La acusada, consultora de proyectos europeos, ha explicado que todos los viajes que realizó durante la gestión de su exmarido eran «por motivos profesionales» y ha puntualizado que el matrimonio se costeaba los viajes que eran de disfrute particular en épocas de vacaciones.

Preguntada por varios viajes realizados entre 2008 y 2009 a Francia, Estados Unidos, Canadá o Egipto, entre otros países, ha dicho que fueron para contactar con novelistas, cineastas y otras personalidades del mundo de la cultura para buscar apoyos al proyecto del centro, que fue inaugurado en 2011.

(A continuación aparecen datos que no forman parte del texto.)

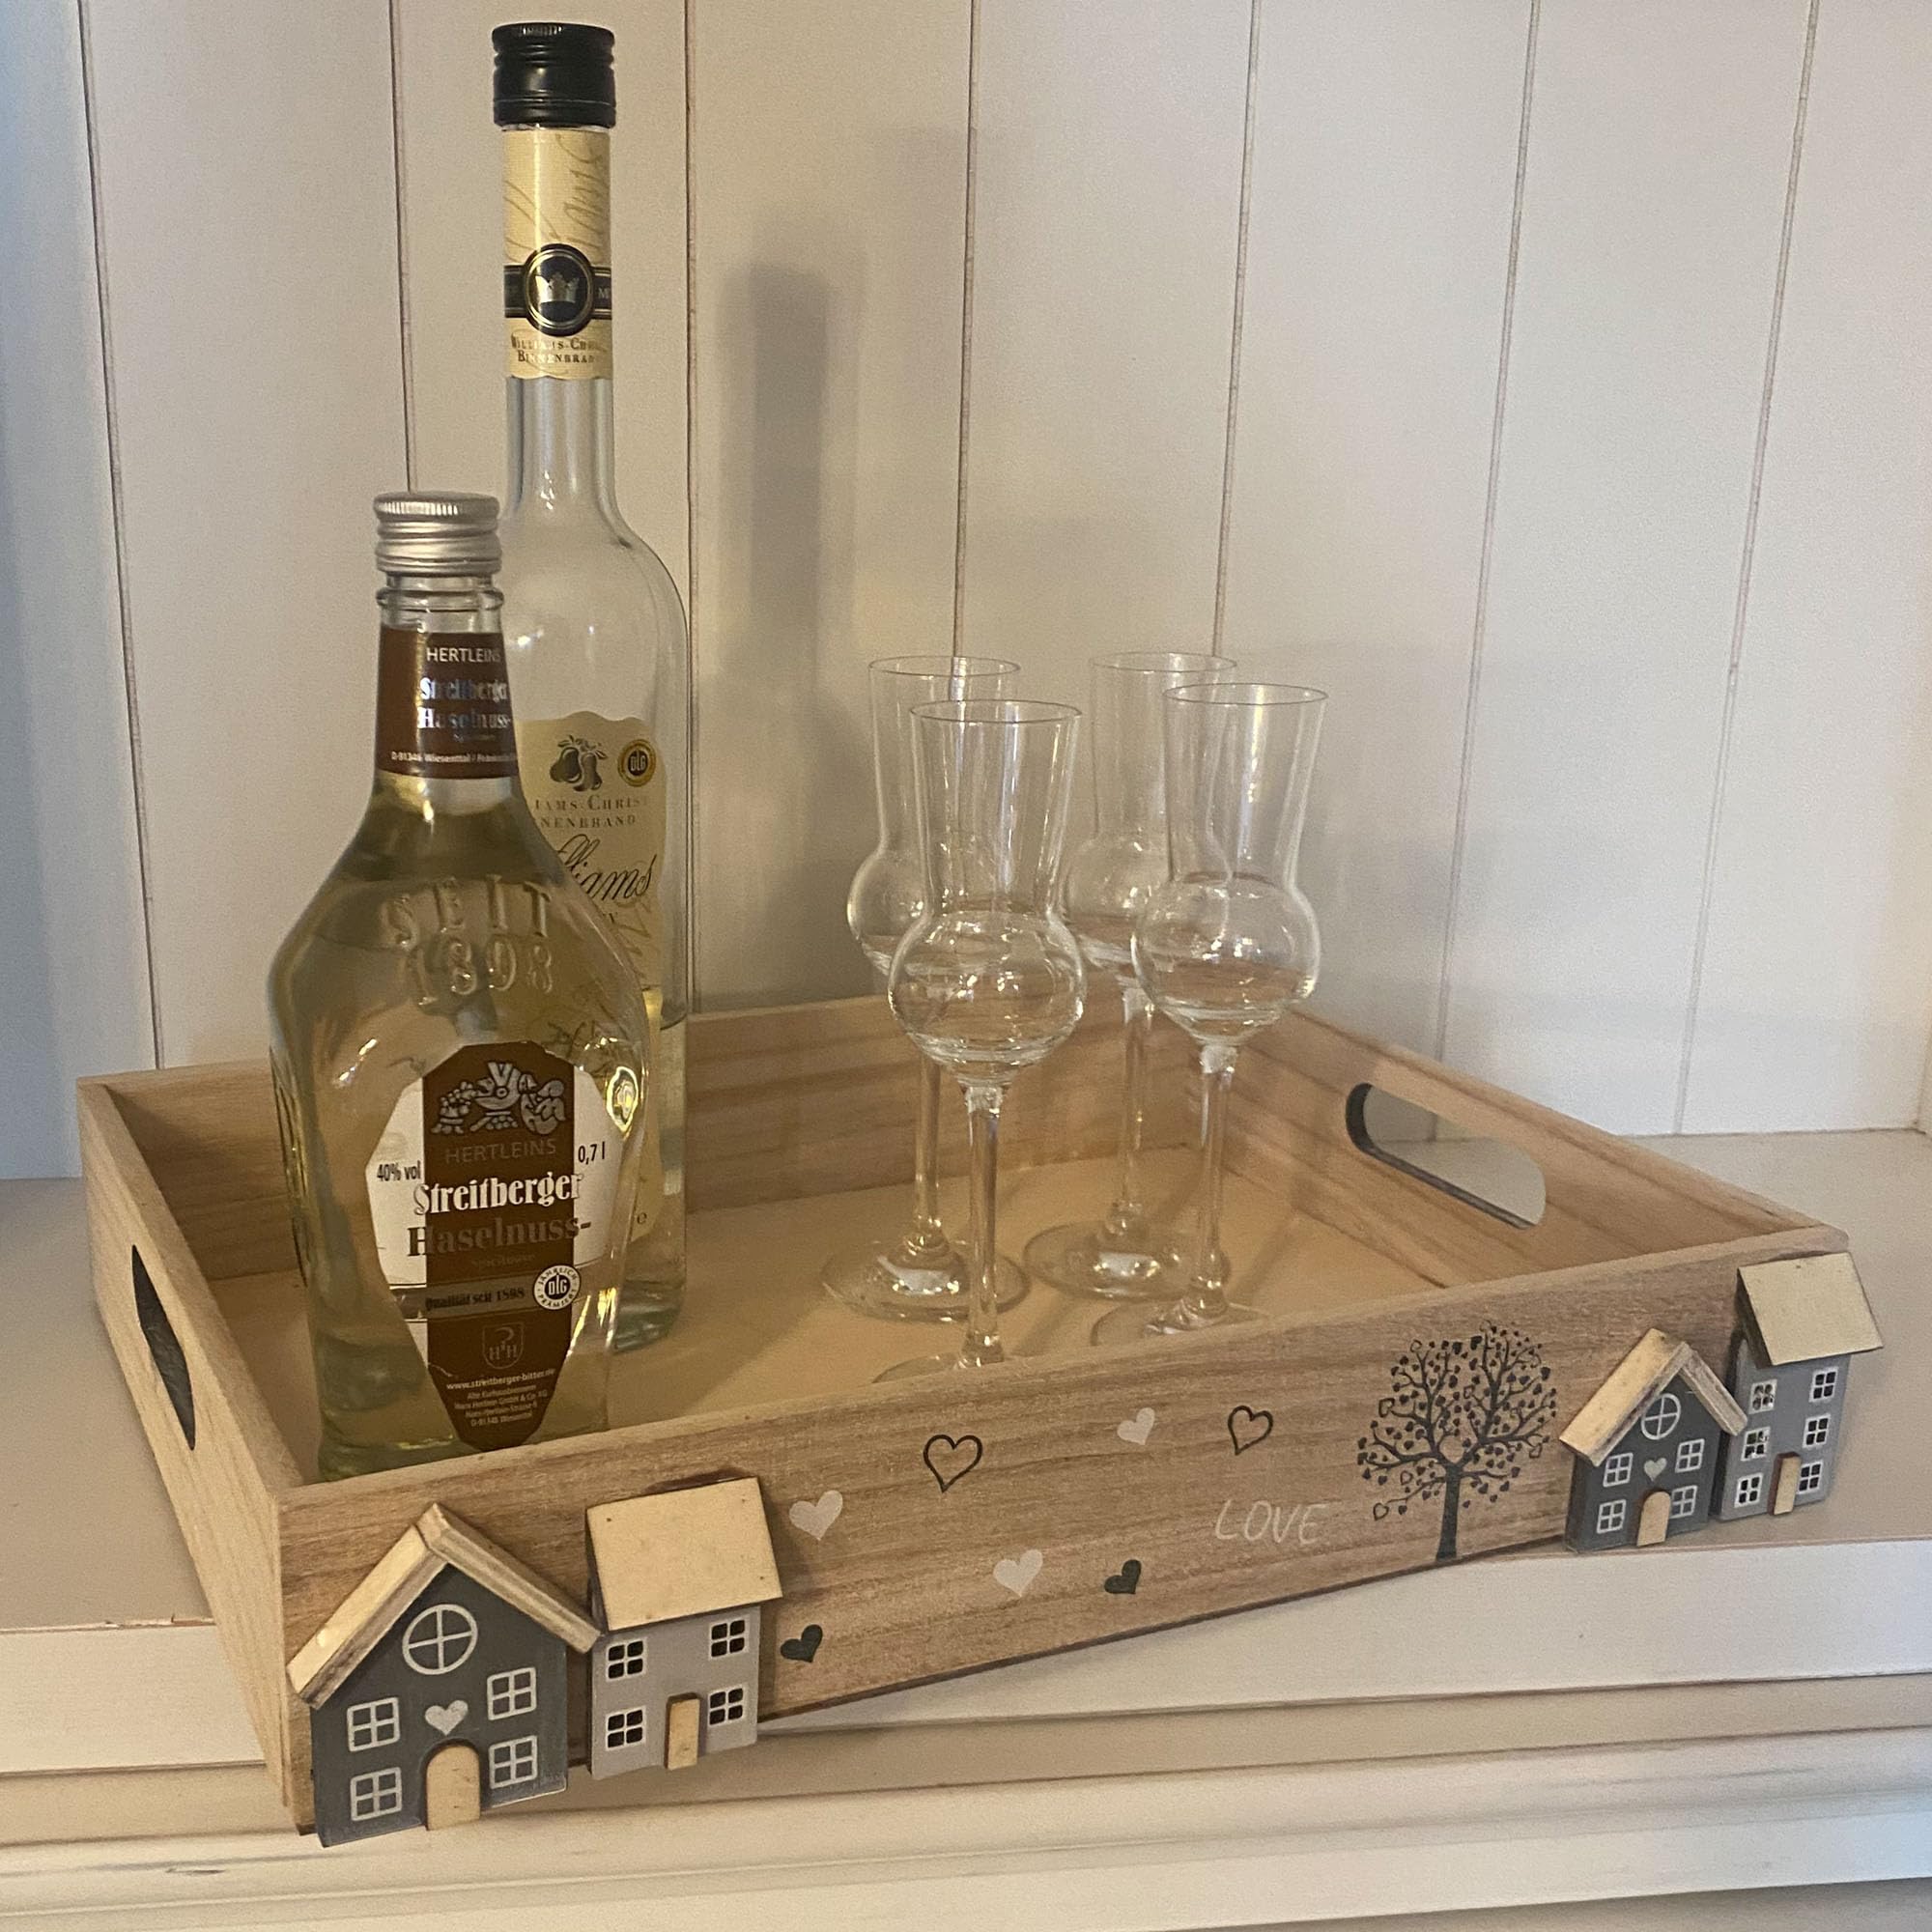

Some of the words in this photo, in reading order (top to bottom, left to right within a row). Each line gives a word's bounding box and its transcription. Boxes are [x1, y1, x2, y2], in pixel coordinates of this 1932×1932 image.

[445, 1139, 557, 1165] HERTLEINS
[578, 1144, 597, 1165] 0,7
[377, 1163, 401, 1182] 40%
[404, 1161, 421, 1180] vol
[548, 1274, 568, 1295] DLG
[1215, 1499, 1327, 1545] LOVE

Pereiro ha expuesto que la vida de Grueso consistía en viajar porque la única manera de promocionar el proyecto era ir a otros países dentro del circuito cultural mundial y que las personalidades con las que se reunía posteriormente visitaran Avilés para refrendarlo, ya que en aquel momento el centro sólo era «una maqueta».

El objetivo, ha añadido, era llamar la atención de distintas personalidades culturales con un proyecto que les resultara interesante para que después prestaran su apoyo, pese a ubicarse en una pequeña ciudad del norte de España desconocida para muchos, como hicieron el actor Kevin Spacey o el cineasta Woody Allen.

Todo ello se conseguía a través de reuniones en el extranjero ante la dificultad de mantener los contactos y lograr los apoyos a distancia, ha afirmado.

Pereiro ha dicho que su colaboración con la Fundación Niemeyer era totalmente altruista porque consideraba que el proyecto era bueno para el Principado y «merecía la pena», y porque para ella era «un honor vender el nombre» de Asturias, algo que ya de por sí le «compensaba todo».

Además, ha asegurado que en todas las ocasiones que tenía que despachar con los patronos de la Fundación Niemeyer o los invitados siempre fue «transparente» porque no tiene «nada que ocultar».

En este juicio, Natalio Grueso afronta una petición fiscal de once años de prisión, diez años de inhabilitación y una multa de 24.000 euros por la presunta comisión de un delito continuados de malversación en concurso medial con falsedad, otro societario y un tercero de insolvencia punible relacionados con la supuesta emisión de facturas falsas o manipuladas.